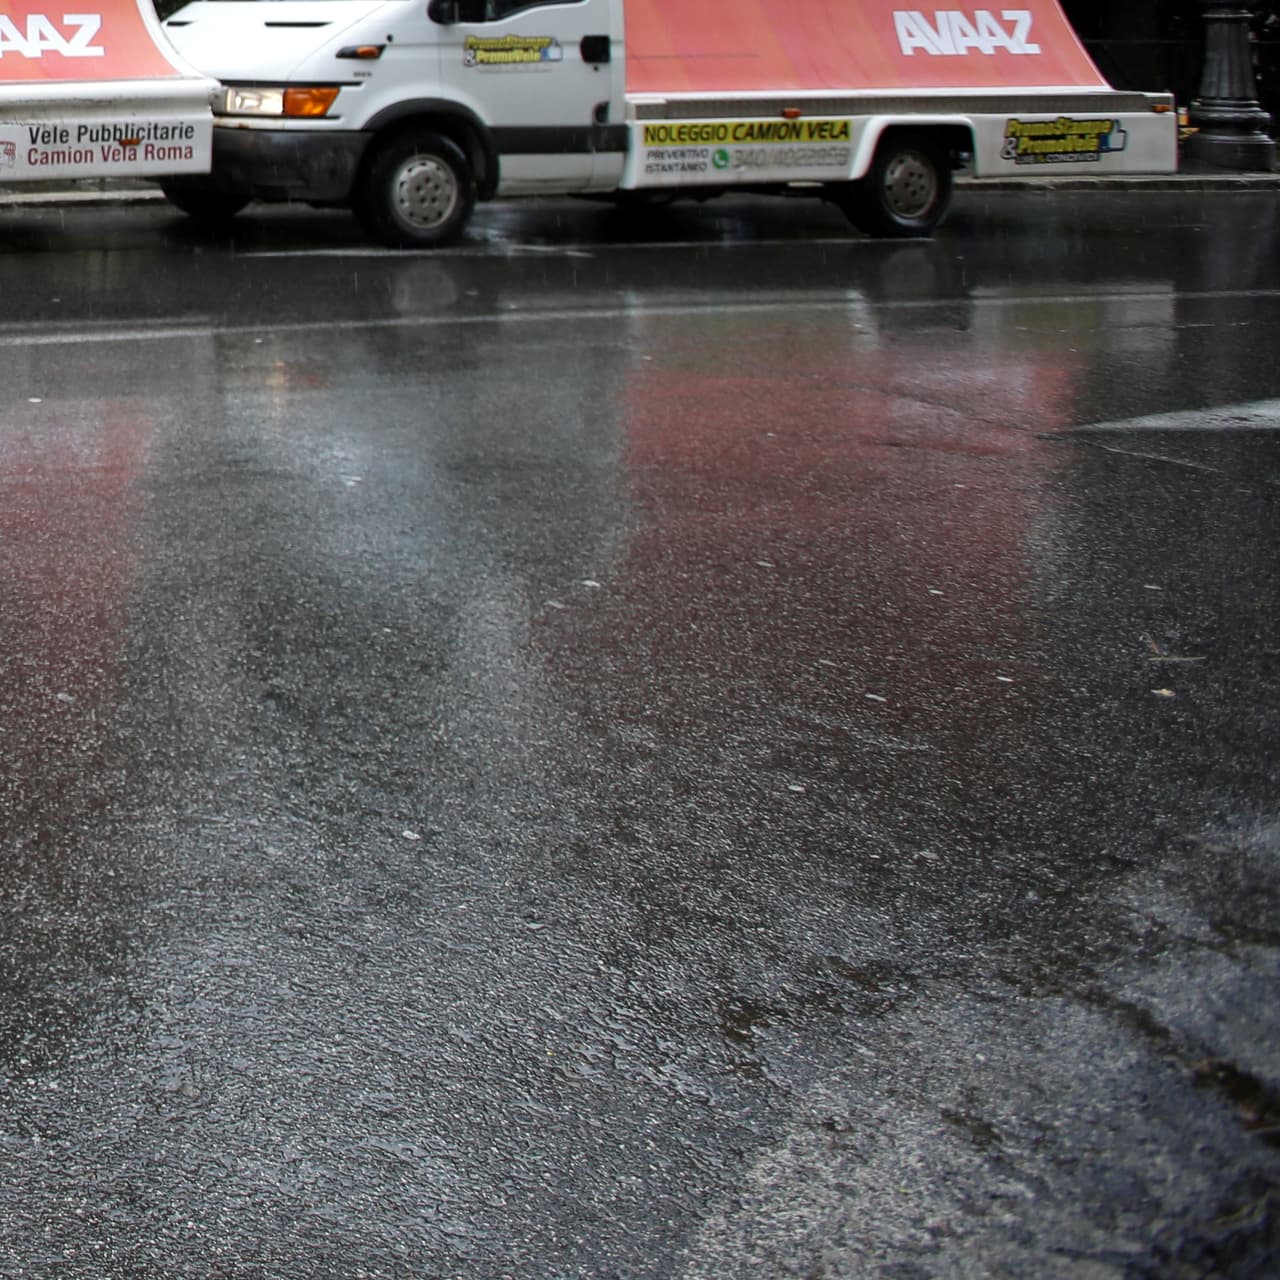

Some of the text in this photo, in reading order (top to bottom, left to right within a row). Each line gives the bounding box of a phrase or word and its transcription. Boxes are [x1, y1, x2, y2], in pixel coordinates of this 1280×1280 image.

[892, 10, 1042, 56] AVAAZ
[28, 122, 195, 144] Vele Pubblicitarie
[644, 121, 850, 142] NOLEGGIO CAMION VELA
[27, 143, 193, 166] Camion Vela Roma
[647, 148, 709, 161] PREVENTIVO
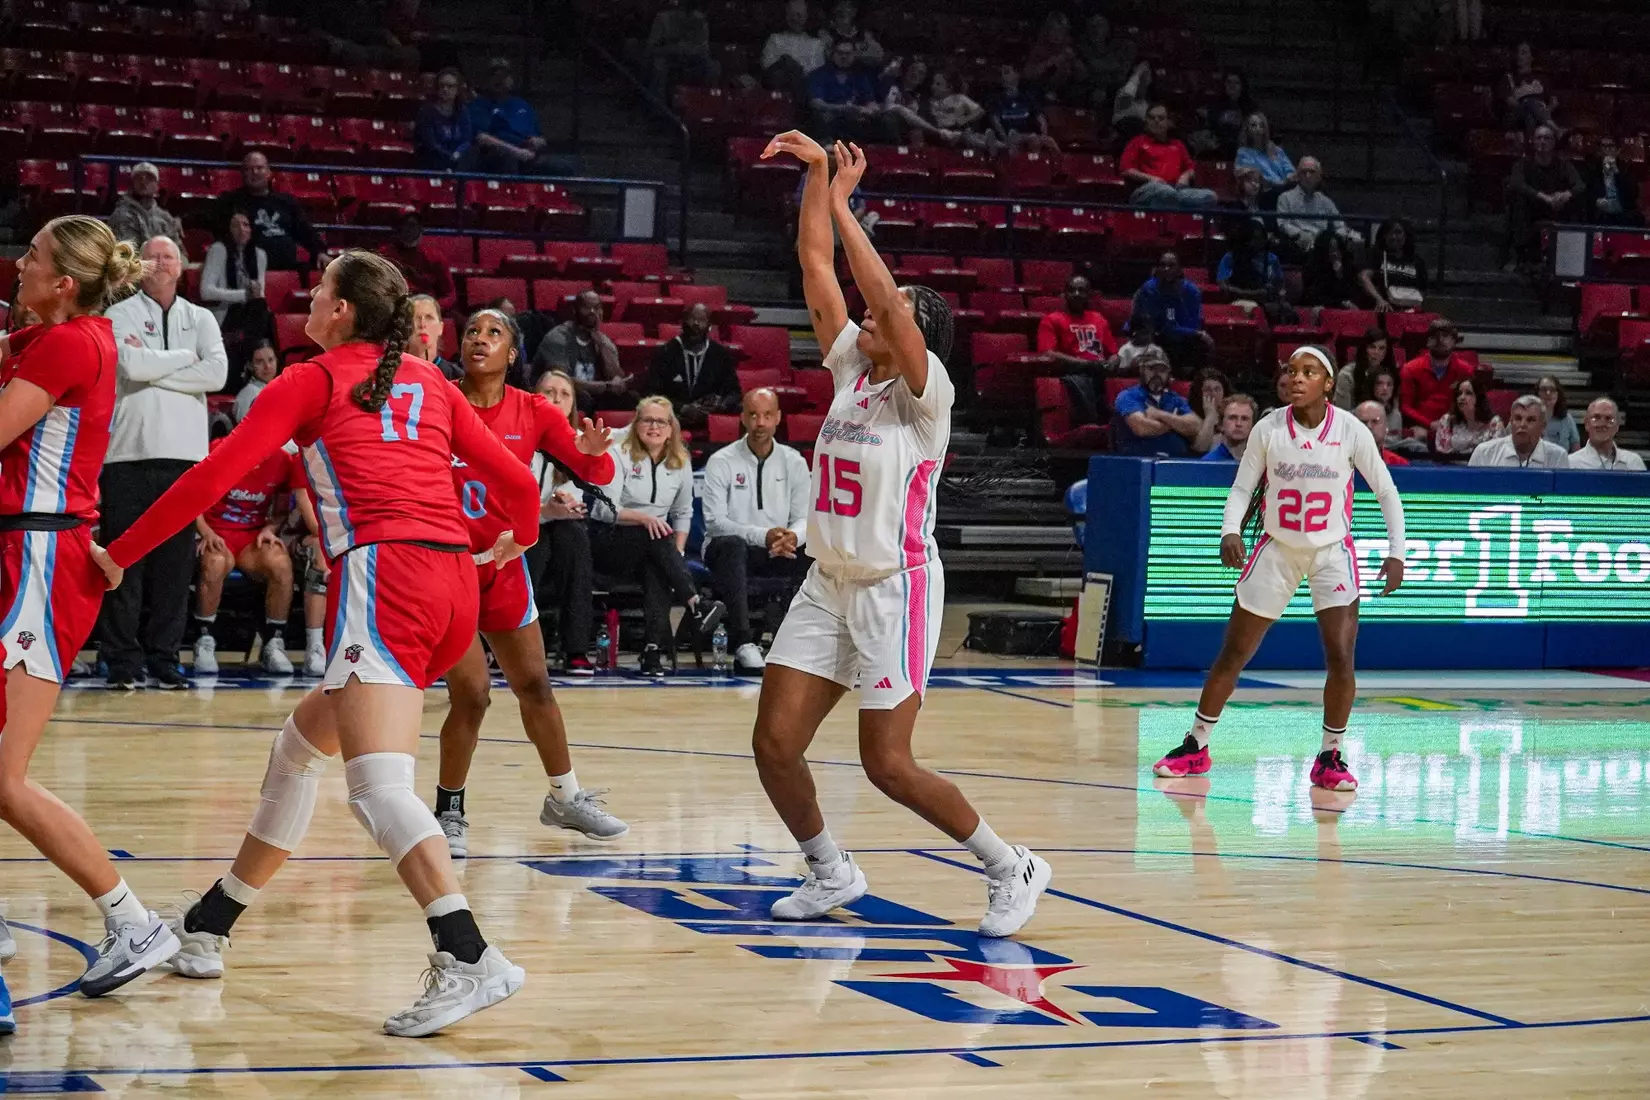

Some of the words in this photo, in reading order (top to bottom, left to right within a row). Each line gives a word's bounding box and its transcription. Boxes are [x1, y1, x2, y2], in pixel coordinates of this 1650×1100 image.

[380, 383, 424, 442] 17
[462, 480, 488, 519] 0
[815, 453, 862, 518] 15
[1277, 489, 1332, 533] 22
[1355, 538, 1466, 603] per
[1465, 505, 1529, 617] 1
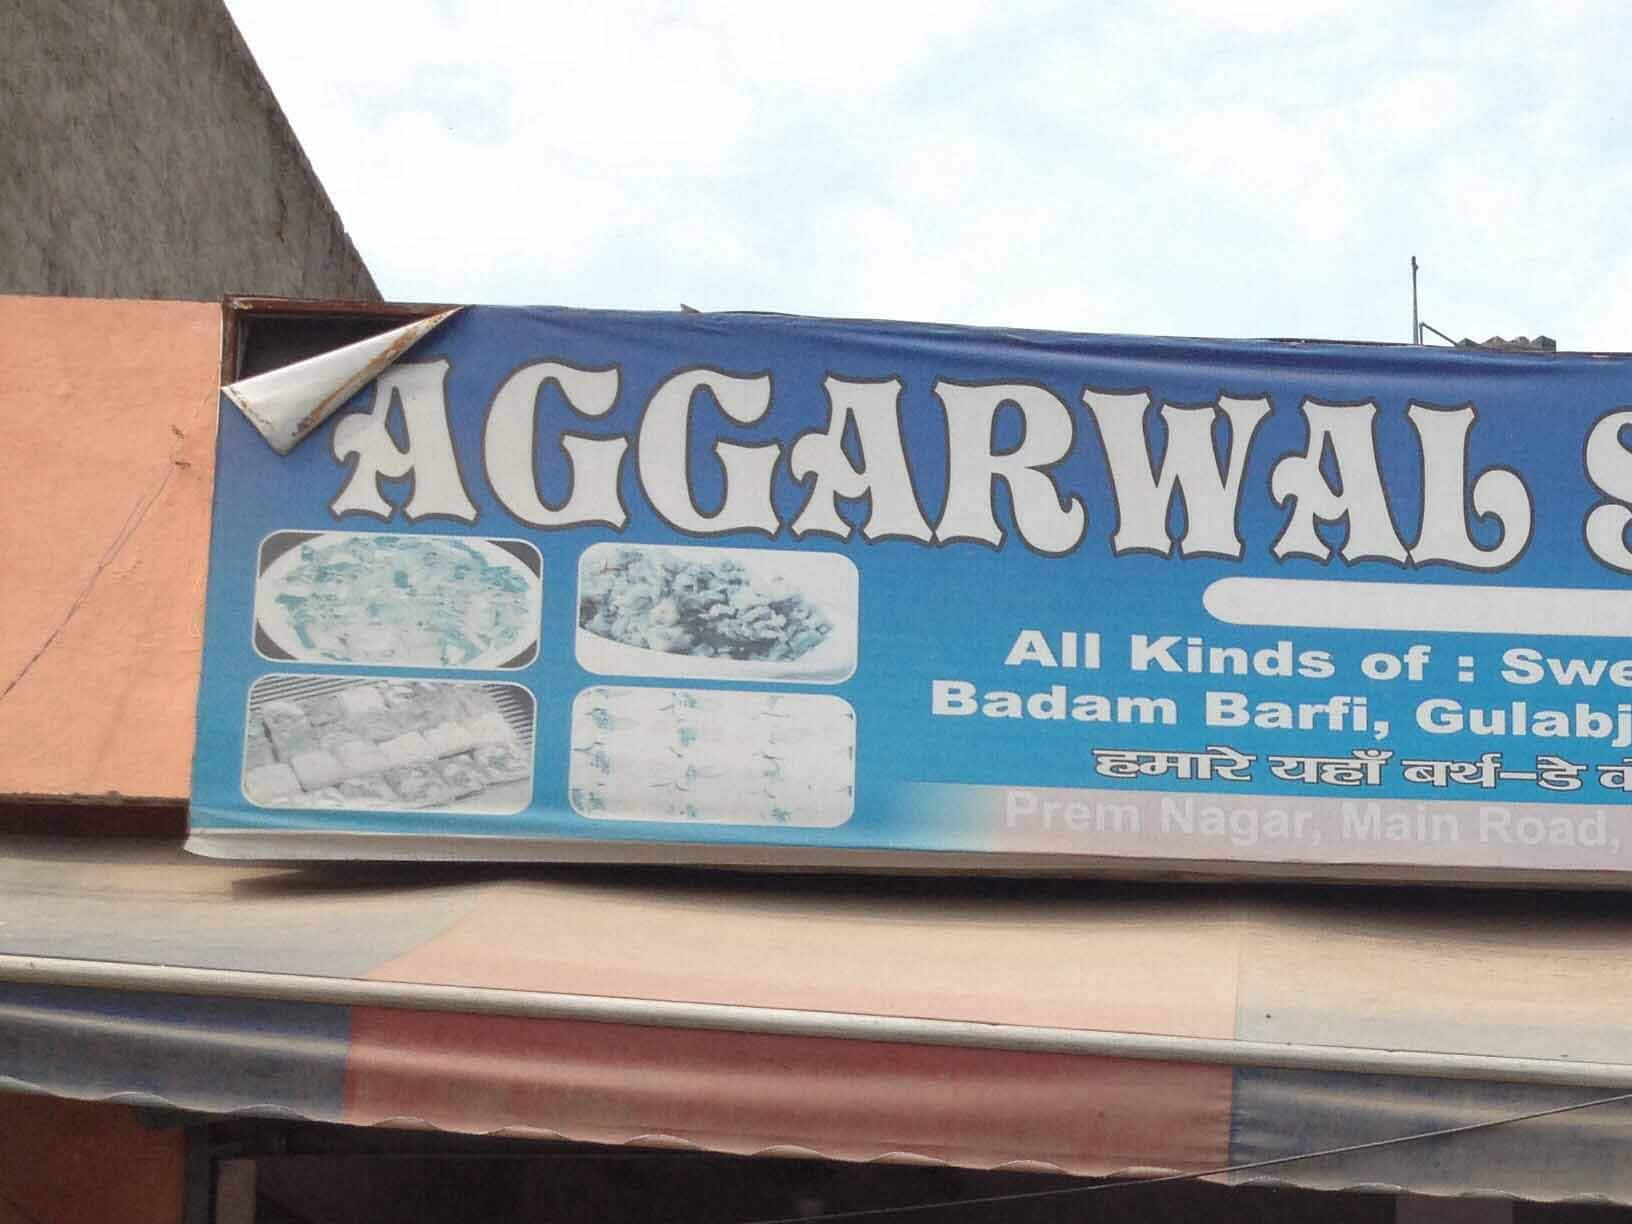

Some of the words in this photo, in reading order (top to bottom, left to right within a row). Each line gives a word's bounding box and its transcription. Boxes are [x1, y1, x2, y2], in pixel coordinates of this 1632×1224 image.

[331, 358, 1533, 571] AGGARWAL
[1004, 629, 1099, 669] All
[1130, 634, 1336, 679] Kinds
[1361, 645, 1432, 681] of
[932, 679, 1177, 724] Badam
[1206, 691, 1389, 740] Barfi,
[1093, 745, 1257, 781] हमारे
[1269, 747, 1393, 787] यहाँ
[1001, 790, 1141, 833] Prem
[1160, 796, 1322, 847] Nagar,
[1342, 801, 1459, 843] Main
[1480, 808, 1620, 852] Road,
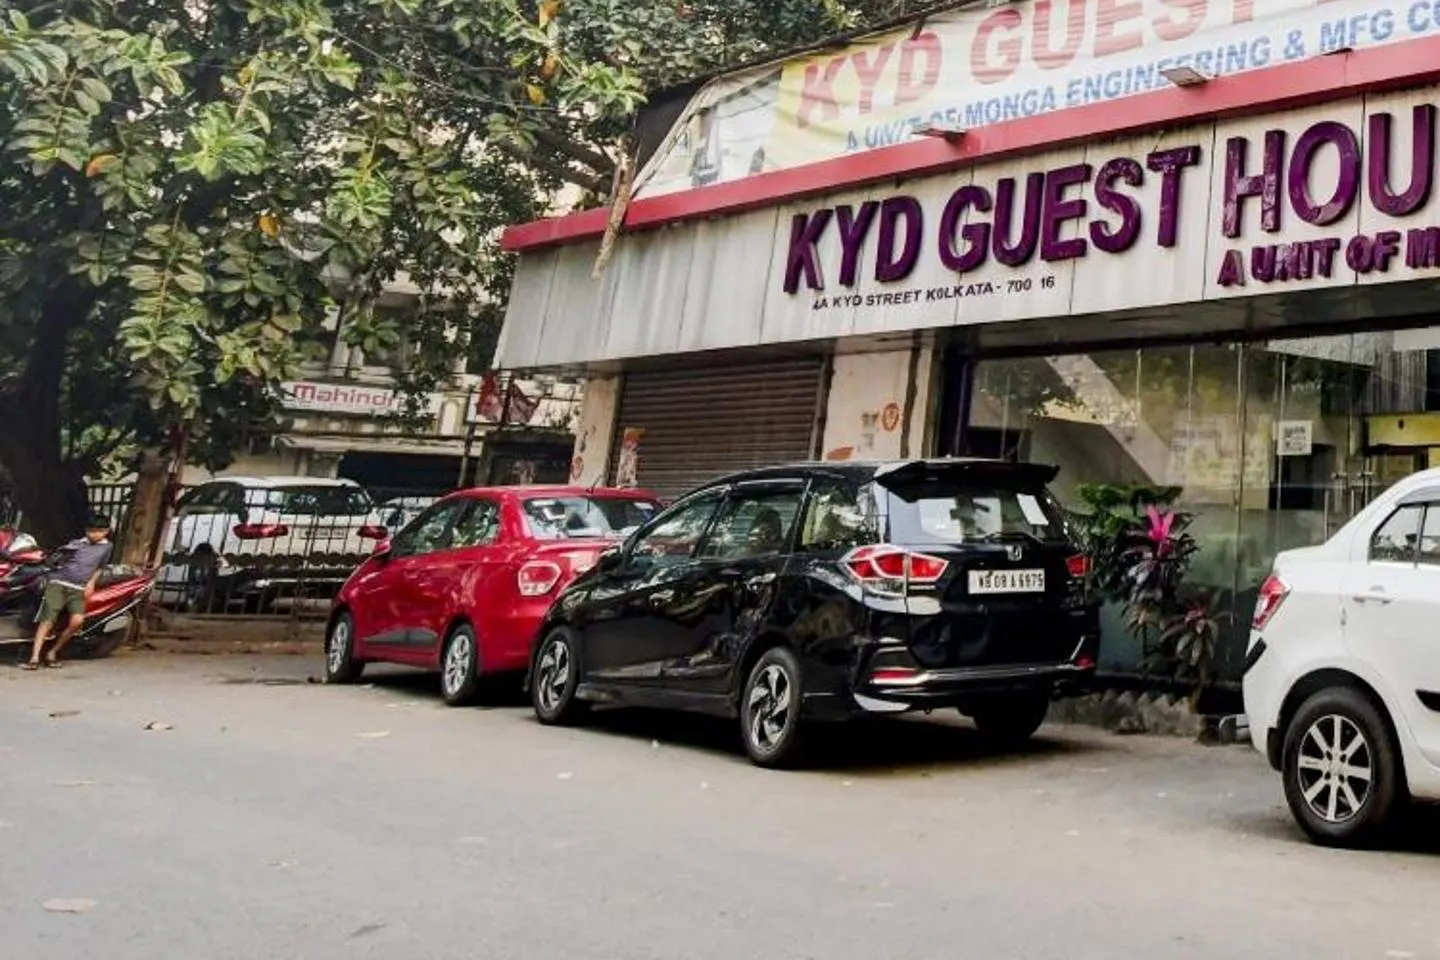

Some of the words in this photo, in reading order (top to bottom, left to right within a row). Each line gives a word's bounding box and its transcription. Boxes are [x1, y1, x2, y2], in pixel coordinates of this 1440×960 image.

****************************************

» Instructions for the task
Print out all the material word for word but exclude any images.

» Exercise solution
Some of the text in this photo, in reading order (top to bottom, left to right within a row). Each line gives the bounding box of a phrase or word and its transcription. Boxes are [x1, y1, x2, y2], in pixel coordinates of this 1280×1280 image.

[892, 10, 1042, 56] AVAAZ
[28, 122, 195, 144] Vele Pubblicitarie
[644, 121, 850, 142] NOLEGGIO CAMION VELA
[27, 143, 193, 166] Camion Vela Roma
[647, 148, 709, 161] PREVENTIVO

Some of the words in this photo, in reading order (top to bottom, left to right within a row). Each line gives a word's bounding box and its transcription. Boxes are [x1, y1, x2, y2], in pixel coordinates of this 1650×1100 image.

[380, 383, 424, 442] 17
[462, 480, 488, 519] 0
[815, 453, 862, 518] 15
[1277, 489, 1332, 533] 22
[1355, 538, 1466, 603] per
[1465, 505, 1529, 617] 1

Some of the words in this photo, in reading order (top to bottom, left to right within a row). Each line gives a word's bounding box and its transcription. Boxes are [x1, y1, x2, y2], in pixel coordinates of this 1632×1224 image.

[331, 358, 1533, 571] AGGARWAL
[1004, 629, 1099, 669] All
[1130, 634, 1336, 679] Kinds
[1361, 645, 1432, 681] of
[932, 679, 1177, 724] Badam
[1206, 691, 1389, 740] Barfi,
[1093, 745, 1257, 781] हमारे
[1269, 747, 1393, 787] यहाँ
[1001, 790, 1141, 833] Prem
[1160, 796, 1322, 847] Nagar,
[1342, 801, 1459, 843] Main
[1480, 808, 1620, 852] Road,

Some of the words in this photo, in reading order (top to bottom, left to right within a row). Each line gives a word's bounding box and its transcription. Boxes are [x1, y1, x2, y2], in pixel coordinates of this 1440×960 image.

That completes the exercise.